- Problem statement: Return every line of the records below verbatim, with no pictures in the copy.

- Available data:
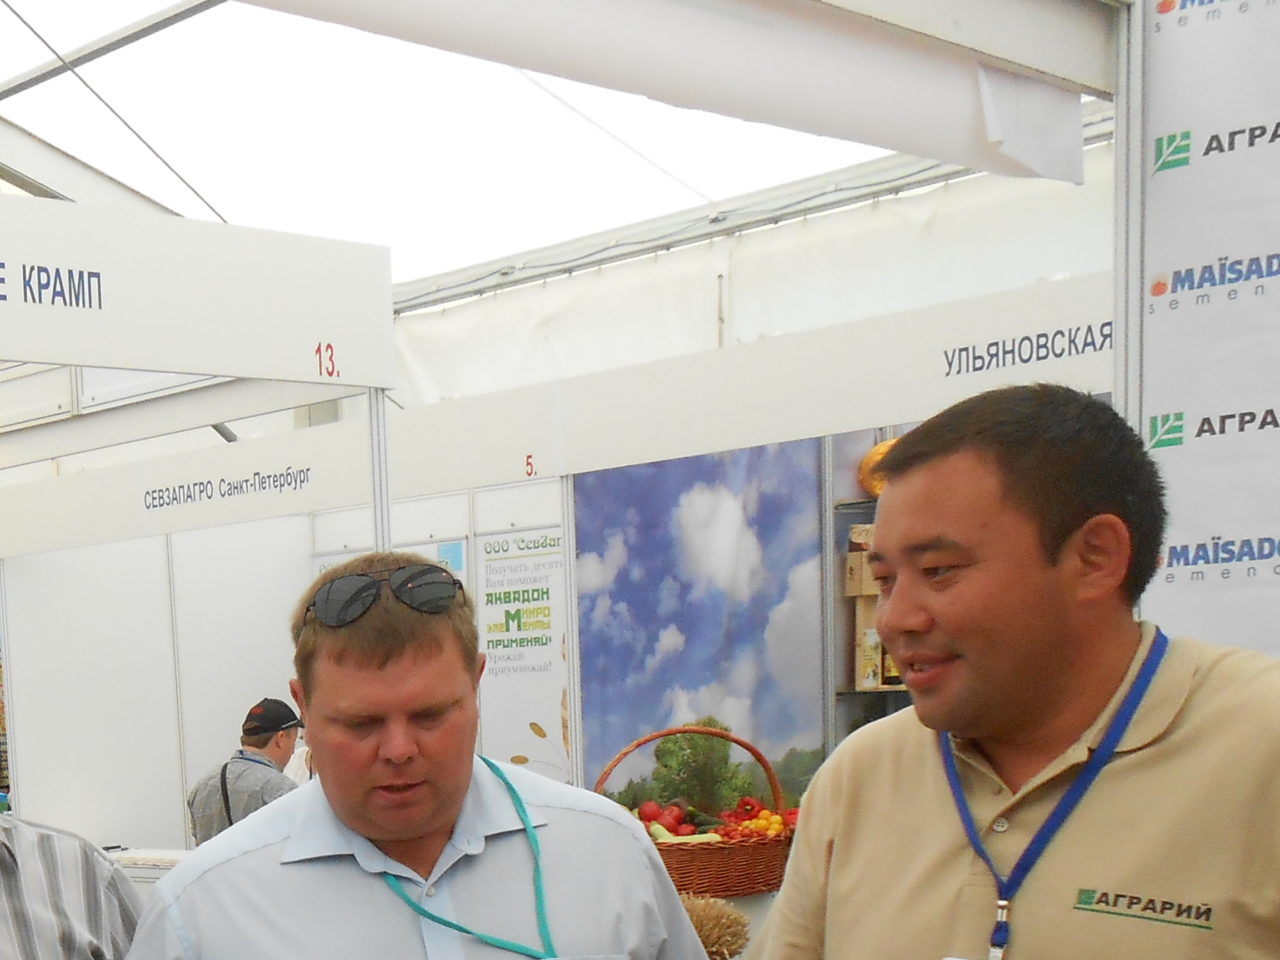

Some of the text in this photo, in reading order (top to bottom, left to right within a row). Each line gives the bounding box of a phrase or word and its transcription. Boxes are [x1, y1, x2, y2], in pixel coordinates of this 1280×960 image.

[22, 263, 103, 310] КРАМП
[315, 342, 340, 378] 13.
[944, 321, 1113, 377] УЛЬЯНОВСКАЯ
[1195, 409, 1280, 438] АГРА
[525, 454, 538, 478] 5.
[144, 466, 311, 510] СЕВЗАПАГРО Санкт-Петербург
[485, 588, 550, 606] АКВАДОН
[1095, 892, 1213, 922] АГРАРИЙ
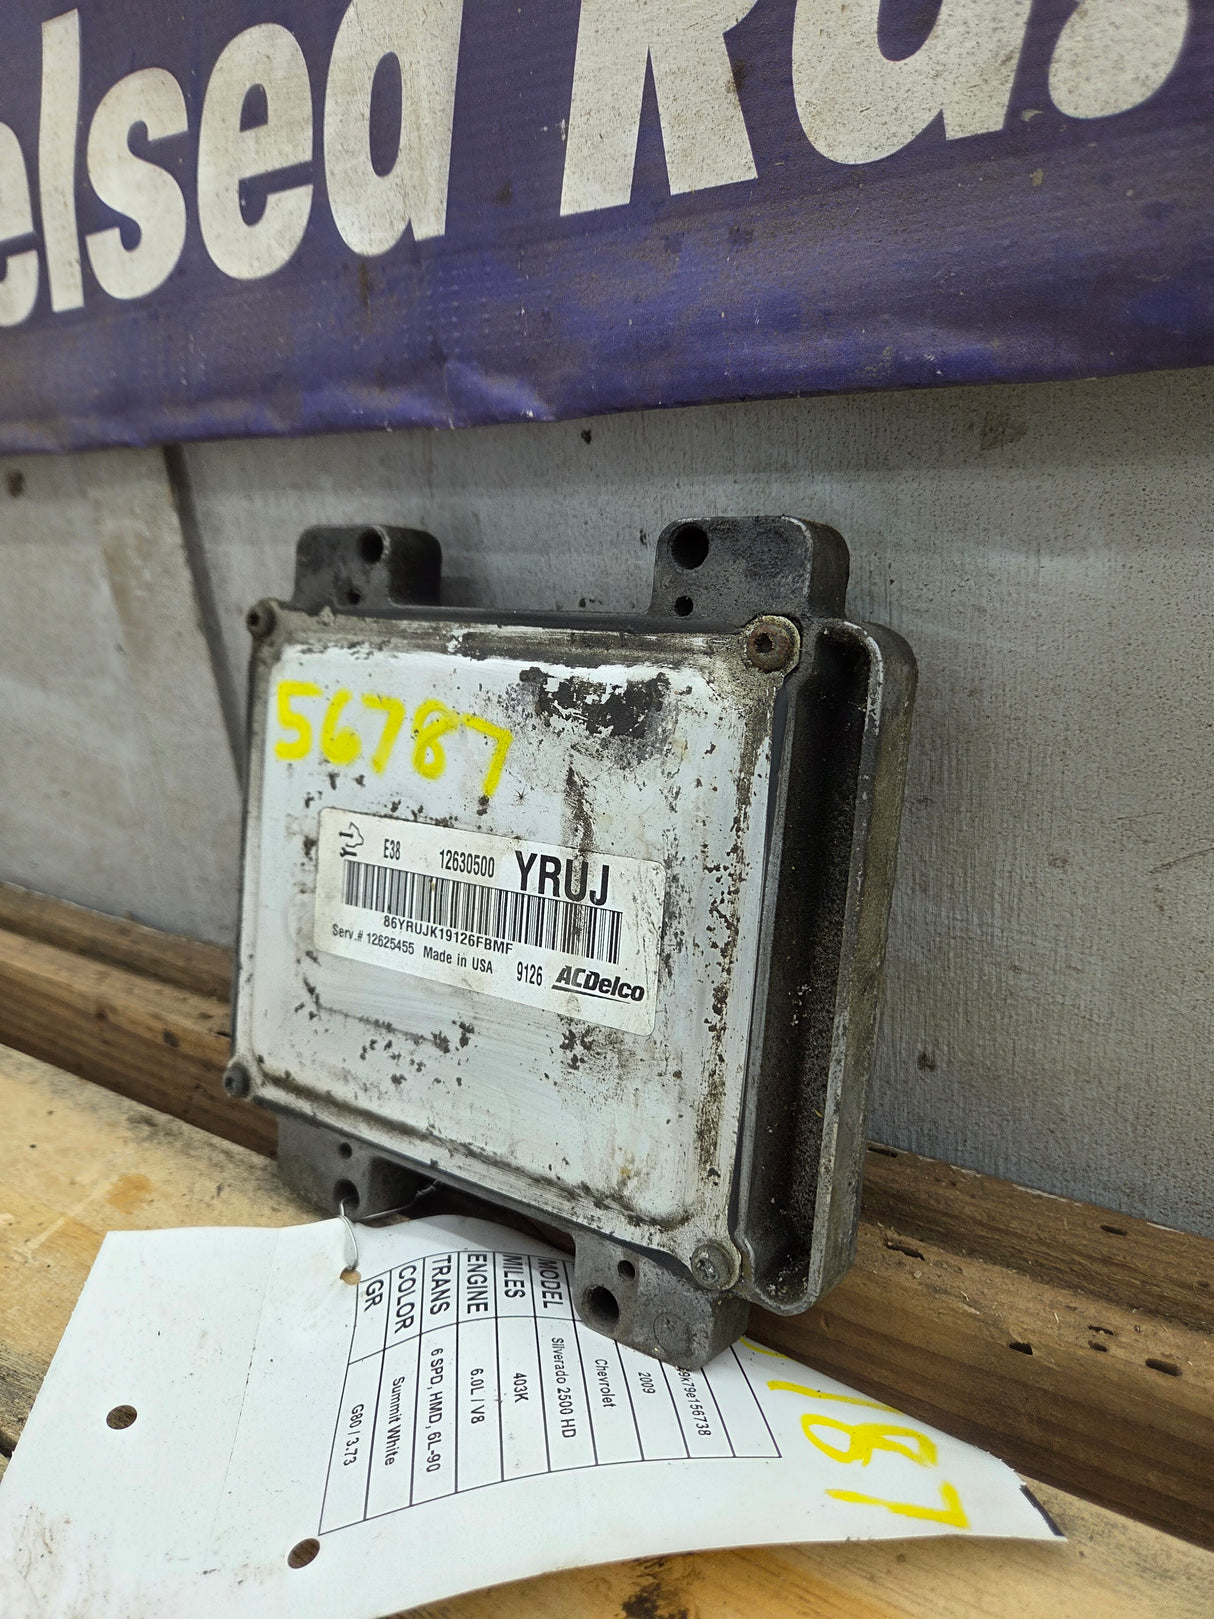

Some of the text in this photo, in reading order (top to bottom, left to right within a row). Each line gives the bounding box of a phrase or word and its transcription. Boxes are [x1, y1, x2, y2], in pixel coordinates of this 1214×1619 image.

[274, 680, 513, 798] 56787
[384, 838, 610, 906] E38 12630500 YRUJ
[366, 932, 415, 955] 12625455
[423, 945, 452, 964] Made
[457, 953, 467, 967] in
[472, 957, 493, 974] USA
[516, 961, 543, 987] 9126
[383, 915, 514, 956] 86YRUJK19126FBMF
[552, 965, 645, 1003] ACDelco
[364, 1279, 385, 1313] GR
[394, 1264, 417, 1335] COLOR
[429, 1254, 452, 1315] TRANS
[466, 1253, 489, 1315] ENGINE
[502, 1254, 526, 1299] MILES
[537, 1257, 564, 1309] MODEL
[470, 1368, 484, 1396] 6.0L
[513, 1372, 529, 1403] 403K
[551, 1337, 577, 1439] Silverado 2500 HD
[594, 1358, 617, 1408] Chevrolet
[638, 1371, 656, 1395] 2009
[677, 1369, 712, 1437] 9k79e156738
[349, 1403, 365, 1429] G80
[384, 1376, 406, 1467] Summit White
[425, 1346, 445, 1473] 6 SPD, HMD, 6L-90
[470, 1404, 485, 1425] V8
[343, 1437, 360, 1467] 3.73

- Problem solution:
Some of the text in this photo, in reading order (top to bottom, left to right within a row). Each line gives the bounding box of a phrase or word and its transcription. Boxes are [x1, y1, x2, y2], in pixel coordinates of this 1280×960 image.

[22, 263, 103, 310] КРАМП
[315, 342, 340, 378] 13.
[944, 321, 1113, 377] УЛЬЯНОВСКАЯ
[1195, 409, 1280, 438] АГРА
[525, 454, 538, 478] 5.
[144, 466, 311, 510] СЕВЗАПАГРО Санкт-Петербург
[485, 588, 550, 606] АКВАДОН
[1095, 892, 1213, 922] АГРАРИЙ

Some of the text in this photo, in reading order (top to bottom, left to right within a row). Each line gives the bounding box of a phrase or word and its transcription. Boxes are [x1, y1, x2, y2], in pixel coordinates of this 1214×1619 image.

[274, 680, 513, 798] 56787
[384, 838, 610, 906] E38 12630500 YRUJ
[366, 932, 415, 955] 12625455
[423, 945, 452, 964] Made
[457, 953, 467, 967] in
[472, 957, 493, 974] USA
[516, 961, 543, 987] 9126
[383, 915, 514, 956] 86YRUJK19126FBMF
[552, 965, 645, 1003] ACDelco
[364, 1279, 385, 1313] GR
[394, 1264, 417, 1335] COLOR
[429, 1254, 452, 1315] TRANS
[466, 1253, 489, 1315] ENGINE
[502, 1254, 526, 1299] MILES
[537, 1257, 564, 1309] MODEL
[470, 1368, 484, 1396] 6.0L
[513, 1372, 529, 1403] 403K
[551, 1337, 577, 1439] Silverado 2500 HD
[594, 1358, 617, 1408] Chevrolet
[638, 1371, 656, 1395] 2009
[677, 1369, 712, 1437] 9k79e156738
[349, 1403, 365, 1429] G80
[384, 1376, 406, 1467] Summit White
[425, 1346, 445, 1473] 6 SPD, HMD, 6L-90
[470, 1404, 485, 1425] V8
[343, 1437, 360, 1467] 3.73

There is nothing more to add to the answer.